Longest Well-Performing Interval
MediumUpdated: Aug 2, 2025
Practice on:
Problem
We are given hours, a list of the number of hours worked per day for a given employee.
A day is considered to be a tiring day if and only if the number of hours worked is (strictly) greater than 8.
A well-performing interval is an interval of days for which the number of tiring days is strictly larger than the number of non-tiring days.

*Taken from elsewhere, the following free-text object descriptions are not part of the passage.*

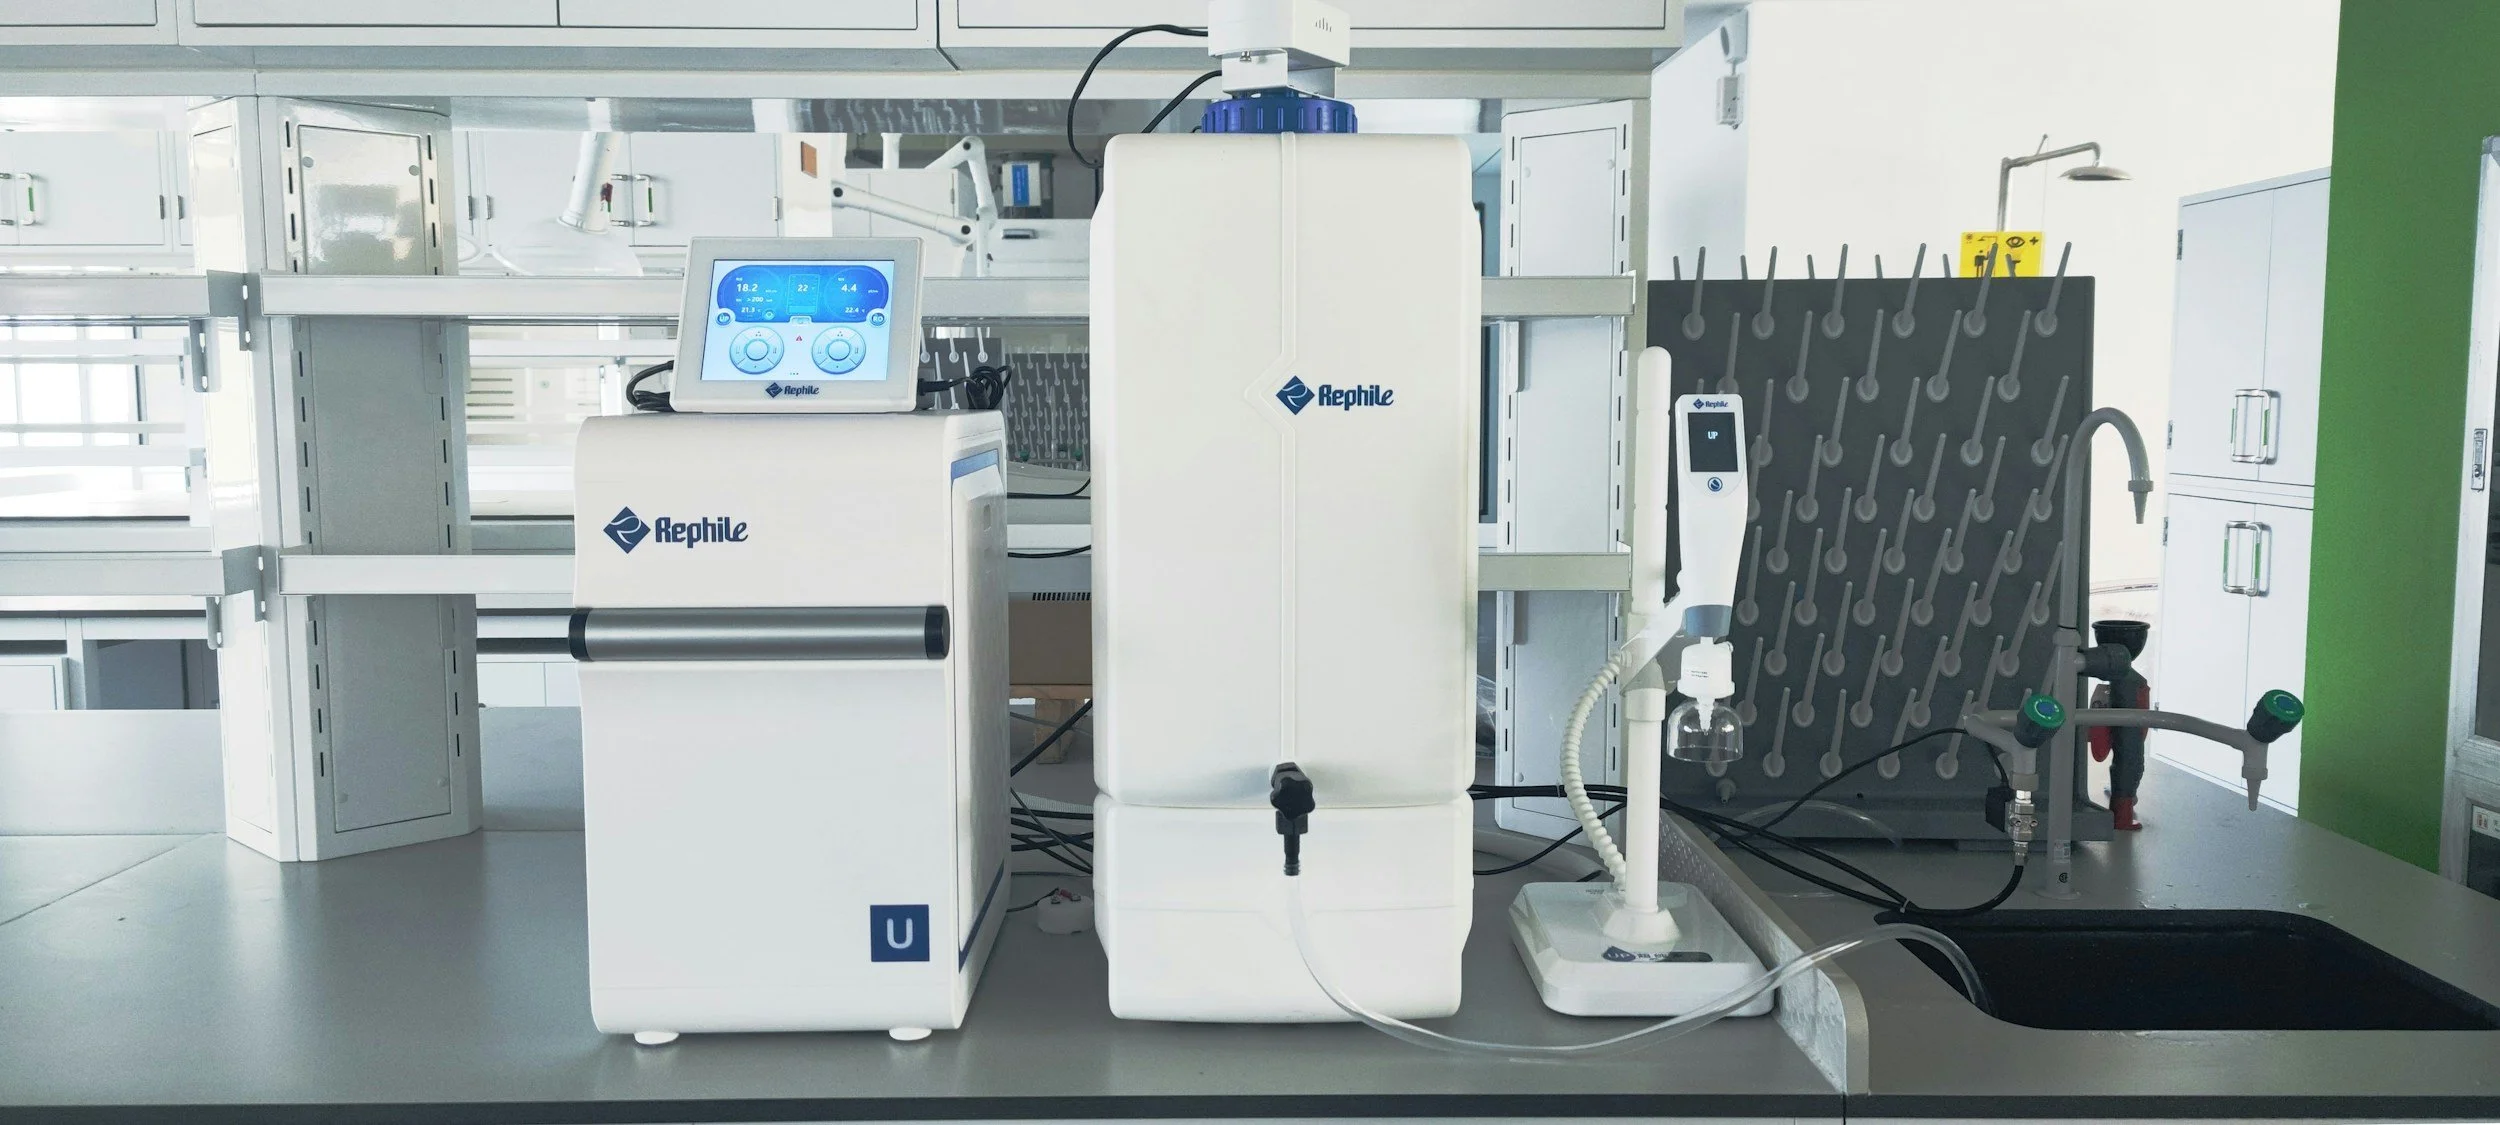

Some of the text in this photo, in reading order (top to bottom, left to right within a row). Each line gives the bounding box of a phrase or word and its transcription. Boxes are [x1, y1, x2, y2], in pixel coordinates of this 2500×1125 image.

[736, 283, 759, 292] 18.2
[797, 284, 809, 292] 22
[841, 283, 857, 293] 4.4
[784, 385, 820, 397] Rephile
[1318, 383, 1395, 411] Rephile
[1708, 431, 1718, 439] UP
[655, 515, 749, 549] Rephile
[886, 917, 913, 950] U

Return the length of the longest well-performing interval.
Examples
Example 1
Input: hours = [9,9,6,0,6,6,9]
Output: 3
Explanation: The longest well-performing interval is [9,9,6].
Example 2
Input: hours = [6,6,6]
Output: 0
Constraints
1 <= hours.length <= 10^40 <= hours[i] <= 16
Solution
Method 1 – Prefix Sum with Hash Map
Intuition
We can convert the problem into finding the longest subarray with a positive sum by mapping tiring days to +1 and non-tiring days to -1. Using prefix sums and a hash map to record the first occurrence of each prefix sum, we can efficiently find the longest interval.
Approach
- Map each day: if hours[i] > 8, use +1; else, use -1.
- Compute the prefix sum as we iterate through the array.
- Use a hash map to store the first index where each prefix sum occurs.
- If the prefix sum is positive at any index, the interval from the start is well-performing.
- Otherwise, check if (prefix sum - 1) has been seen before; if so, update the answer with the interval length.
Code
C++
class Solution {
public:
int longestWPI(vector<int>& hours) {
int n = hours.size(), ans = 0, s = 0;
unordered_map<int, int> first;
for (int i = 0; i < n; ++i) {
s += hours[i] > 8 ? 1 : -1;
if (s > 0) ans = i + 1;
else {
if (first.count(s - 1)) ans = max(ans, i - first[s - 1]);
}
if (!first.count(s)) first[s] = i;
}
return ans;
}
};
Go
func longestWPI(hours []int) int {
n, ans, s := len(hours), 0, 0
first := map[int]int{}
for i := 0; i < n; i++ {
if hours[i] > 8 {
s++
} else {
s--
}
if s > 0 {
ans = i + 1
} else if v, ok := first[s-1]; ok {
if i-v > ans {
ans = i - v
}
}
if _, ok := first[s]; !ok {
first[s] = i
}
}
return ans
}
Java
class Solution {
public int longestWPI(int[] hours) {
int n = hours.length, ans = 0, s = 0;
Map<Integer, Integer> first = new HashMap<>();
for (int i = 0; i < n; ++i) {
s += hours[i] > 8 ? 1 : -1;
if (s > 0) ans = i + 1;
else if (first.containsKey(s - 1)) ans = Math.max(ans, i - first.get(s - 1));
if (!first.containsKey(s)) first.put(s, i);
}
return ans;
}
}
Kotlin
class Solution {
fun longestWPI(hours: IntArray): Int {
var ans = 0
var s = 0
val first = mutableMapOf<Int, Int>()
for (i in hours.indices) {
s += if (hours[i] > 8) 1 else -1
if (s > 0) ans = i + 1
else if (first.containsKey(s - 1)) ans = maxOf(ans, i - first[s - 1]!!)
if (!first.containsKey(s)) first[s] = i
}
return ans
}
}
Python
class Solution:
def longestWPI(self, hours: list[int]) -> int:
ans = s = 0
first = {}
for i, h in enumerate(hours):
s += 1 if h > 8 else -1
if s > 0:
ans = i + 1
elif (s - 1) in first:
ans = max(ans, i - first[s - 1])
if s not in first:
first[s] = i
return ans
Rust
impl Solution {
pub fn longest_wpi(hours: Vec<i32>) -> i32 {
let mut ans = 0;
let mut s = 0;
let mut first = std::collections::HashMap::new();
for (i, &h) in hours.iter().enumerate() {
s += if h > 8 { 1 } else { -1 };
if s > 0 {
ans = (i + 1) as i32;
} else if let Some(&v) = first.get(&(s - 1)) {
ans = ans.max((i - v) as i32);
}
first.entry(s).or_insert(i);
}
ans
}
}
TypeScript
class Solution {
longestWPI(hours: number[]): number {
let ans = 0, s = 0;
const first = new Map<number, number>();
for (let i = 0; i < hours.length; ++i) {
s += hours[i] > 8 ? 1 : -1;
if (s > 0) ans = i + 1;
else if (first.has(s - 1)) ans = Math.max(ans, i - first.get(s - 1)!);
if (!first.has(s)) first.set(s, i);
}
return ans;
}
}
Complexity
- ⏰ Time complexity:
O(n), as we scan the array once. - 🧺 Space complexity:
O(n), for the hash map storing prefix sums.